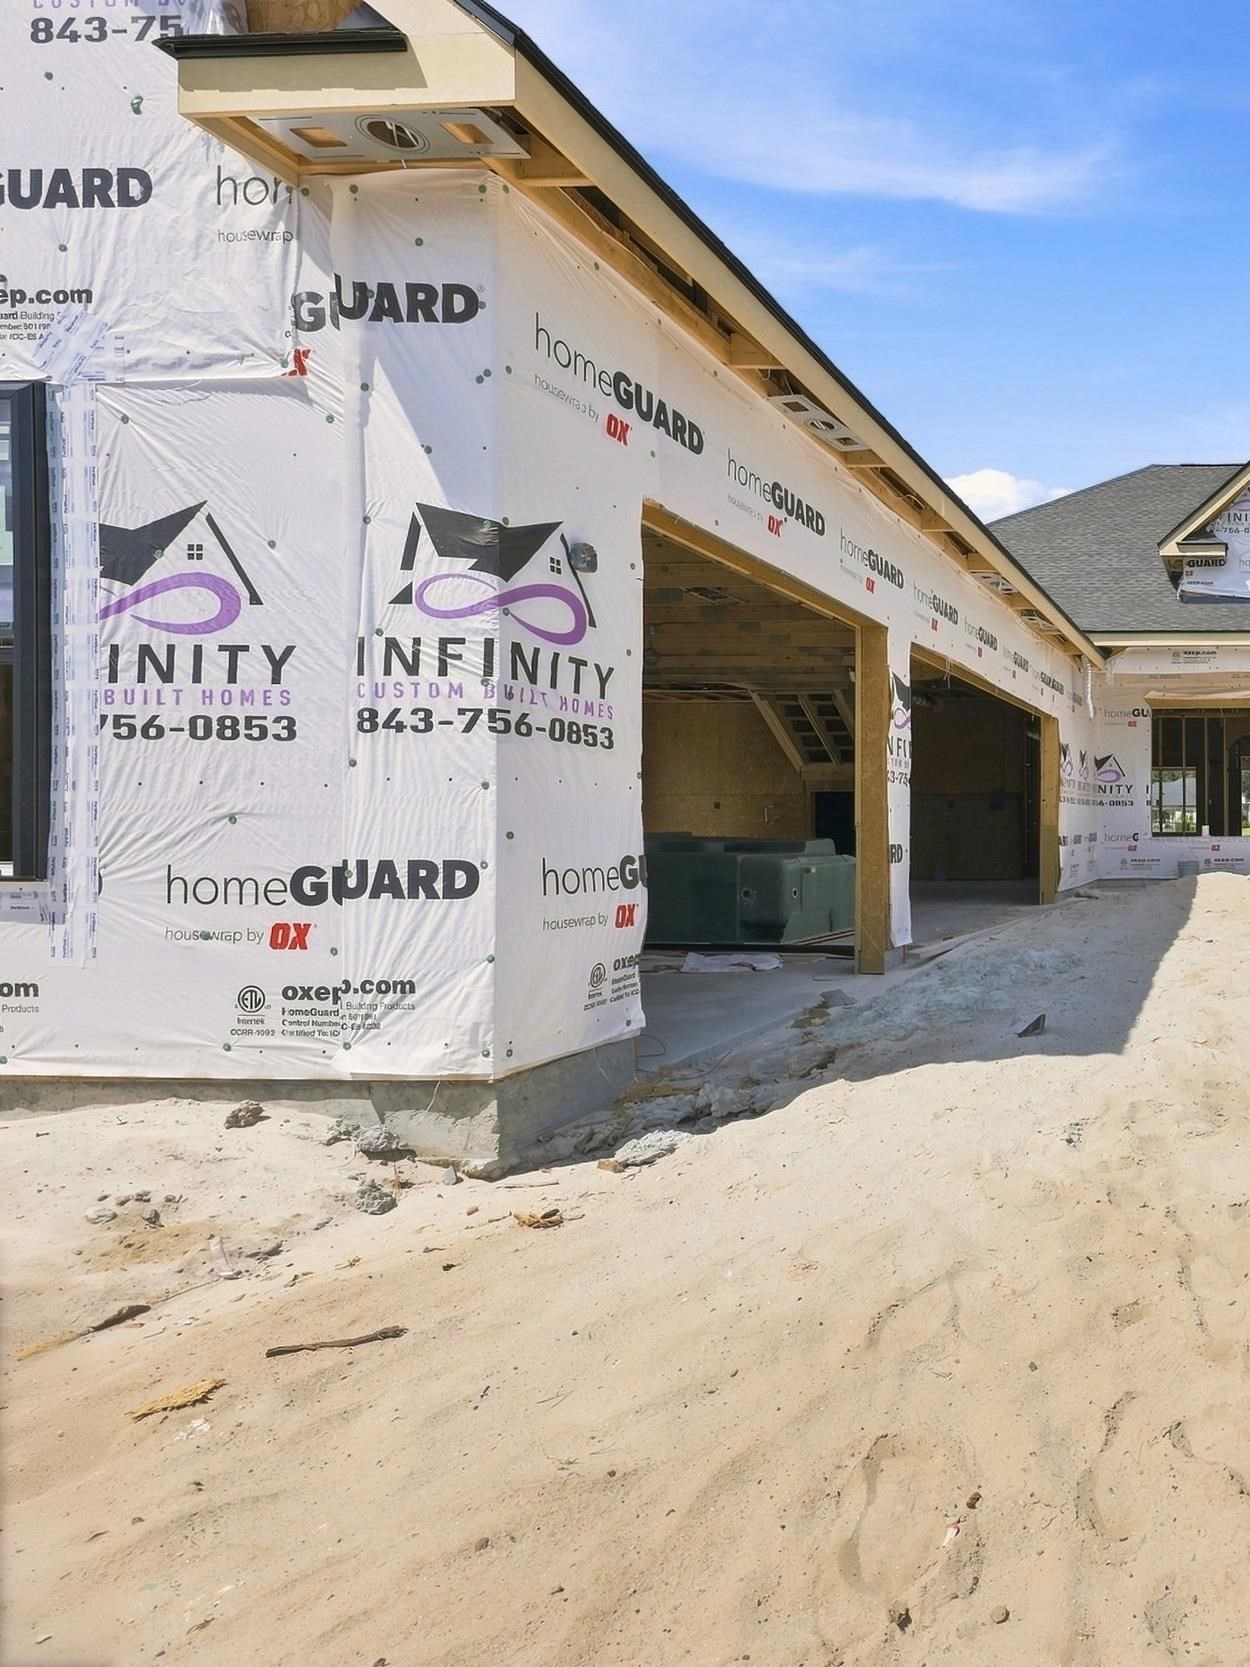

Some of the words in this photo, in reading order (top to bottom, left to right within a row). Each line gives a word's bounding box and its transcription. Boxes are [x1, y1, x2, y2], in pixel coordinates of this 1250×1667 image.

[0, 168, 152, 209] UARD
[217, 228, 294, 245] housewrap
[535, 311, 705, 456] homeGUARD
[606, 413, 630, 447] OX
[727, 447, 826, 537] homeGUARD
[767, 514, 783, 538] OX
[840, 527, 904, 589] homeGUARD
[356, 636, 615, 700] INFINITY
[104, 689, 184, 706] BUILT
[201, 689, 292, 706] HOMES
[357, 681, 464, 699] CUSTOM
[559, 695, 614, 720] HOMES
[356, 706, 615, 750] 843-756-0853
[166, 858, 481, 907] homeGUARD
[542, 915, 596, 931] housewrap
[597, 912, 609, 927] by
[614, 903, 636, 929] OX
[246, 928, 264, 945] by
[269, 922, 312, 950] OX
[1, 1004, 39, 1013] Products
[281, 978, 417, 1005] oxep.com

.....

▸ **TASK DETAILS**
Restate each entry verbatim and skip every image.

▸ **RESPONSE AREA**
Some of the words in this photo, in reading order (top to bottom, left to right within a row). Each line gives a word's bounding box and its transcription. Boxes are [x1, y1, x2, y2], in pixel coordinates of this 1250×1667 image.

[0, 168, 152, 209] UARD
[217, 228, 294, 245] housewrap
[535, 311, 705, 456] homeGUARD
[606, 413, 630, 447] OX
[727, 447, 826, 537] homeGUARD
[767, 514, 783, 538] OX
[840, 527, 904, 589] homeGUARD
[356, 636, 615, 700] INFINITY
[104, 689, 184, 706] BUILT
[201, 689, 292, 706] HOMES
[357, 681, 464, 699] CUSTOM
[559, 695, 614, 720] HOMES
[356, 706, 615, 750] 843-756-0853
[166, 858, 481, 907] homeGUARD
[542, 915, 596, 931] housewrap
[597, 912, 609, 927] by
[614, 903, 636, 929] OX
[246, 928, 264, 945] by
[269, 922, 312, 950] OX
[1, 1004, 39, 1013] Products
[281, 978, 417, 1005] oxep.com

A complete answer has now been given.